Fairislefandango · 20/02/2022 19:13

I'm so sorry you had such an awful childhood, OP. It's hard enough for a lot of people to deal with life and parenthood even if they didn't grow up in an abusive household - please be kind to yourself.

By loving and caring for your children, you are already giving them a better childhood and chance in life than you had, and that's worth a lot.

Thistooshallpsss · 20/02/2022 19:27

Give your child a cuddle and at the same time cuddle the child that was you that missed out

WonderfulYou · 20/02/2022 19:36

How old are you?
Do you work?

You should never compare yourself to anyone else.

You need to do things that make yourself happier.
It could be things like exercising everyday, decluttering, painting your nails, having a hobby like doing jigsaws or making things that you can sell.

Being happy in yourself will make your kids happier.

Not having money is hard but I can guarantee that your kids don’t miss what they don’t have.
They’re not going to grow up and be upset that they didn’t have swimming lessons.

Love is the most important thing you can give them and no amount of money can buy that.

AgentJohnson · 20/02/2022 19:40

There’s no guarantee your life would have been any different had your your childhood been any different. What if land is robbing your children of their mum living in the here and now.

You can’t change the past but you have a bigger say in now than you think.

ElegantlyTouched · 20/02/2022 19:52

You are not alone.

Go and cuddle your kids, then ring the gp in the morning. Your kids couldn't have a better mum but you end to believe that.

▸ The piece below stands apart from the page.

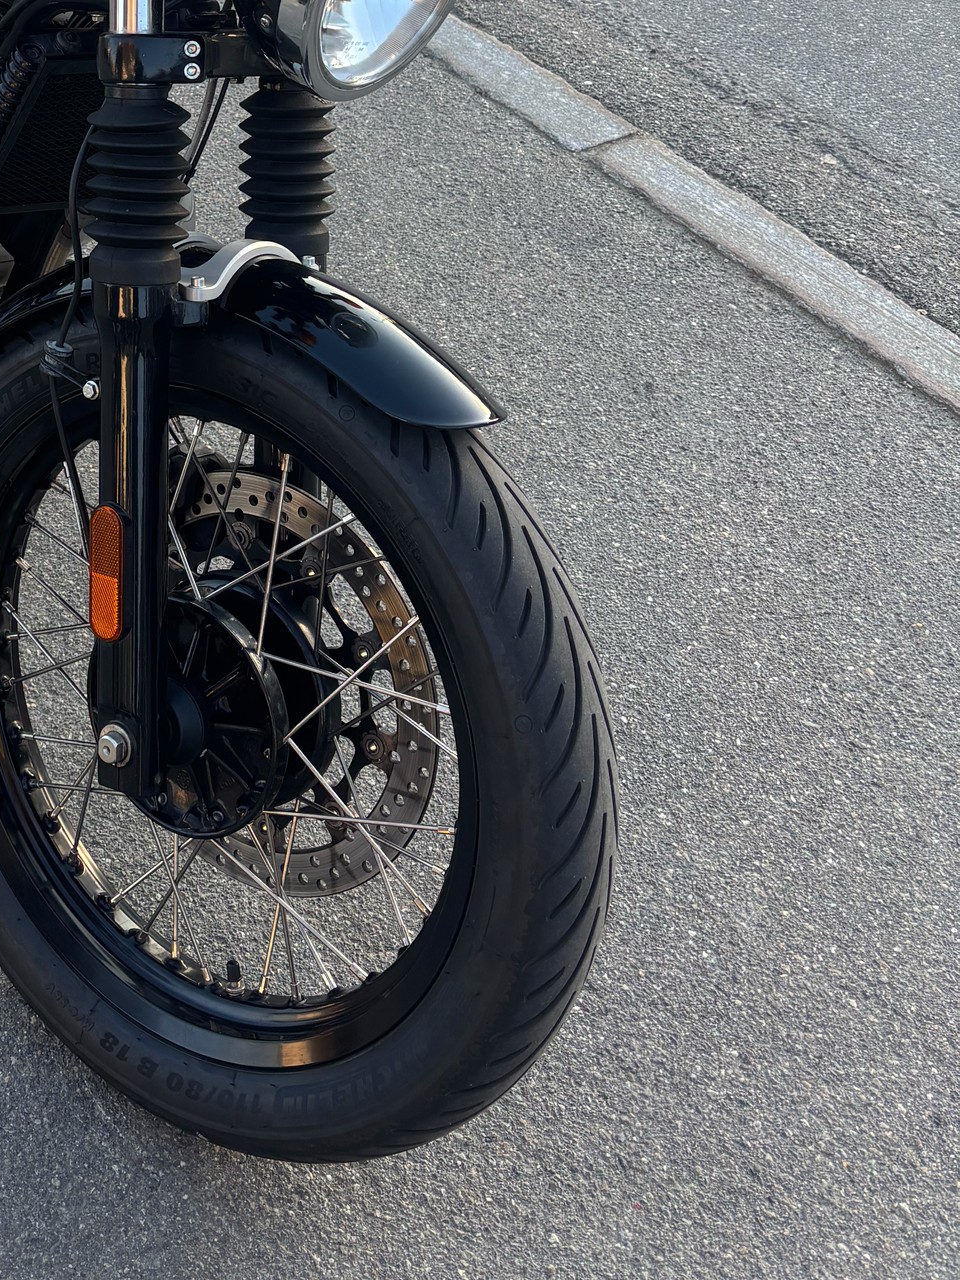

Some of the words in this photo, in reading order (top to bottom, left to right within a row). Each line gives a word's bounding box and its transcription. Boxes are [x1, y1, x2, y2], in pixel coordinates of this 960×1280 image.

[99, 1032, 132, 1062] 18
[136, 1056, 159, 1079] B
[165, 1071, 263, 1116] 110/80

Wartywart · 20/02/2022 20:04

All children really need is love and positive attention. Encouragement and support. You sound like you have actually done incredibly well in the face of overwhelming odds. No wonder you're exhausted with it. But you ARE doing well. Don't give up - think about maybe going to see your GP to find out what help you can get.

GreekGod · 20/02/2022 20:13

You’re doing great. What gorgeous lovely children you have pushing notes under a door - that means you’re a great mum.

Don’t worry about the swimming lessons. Kids just want love and attention. You’ve got this and you sound lovely.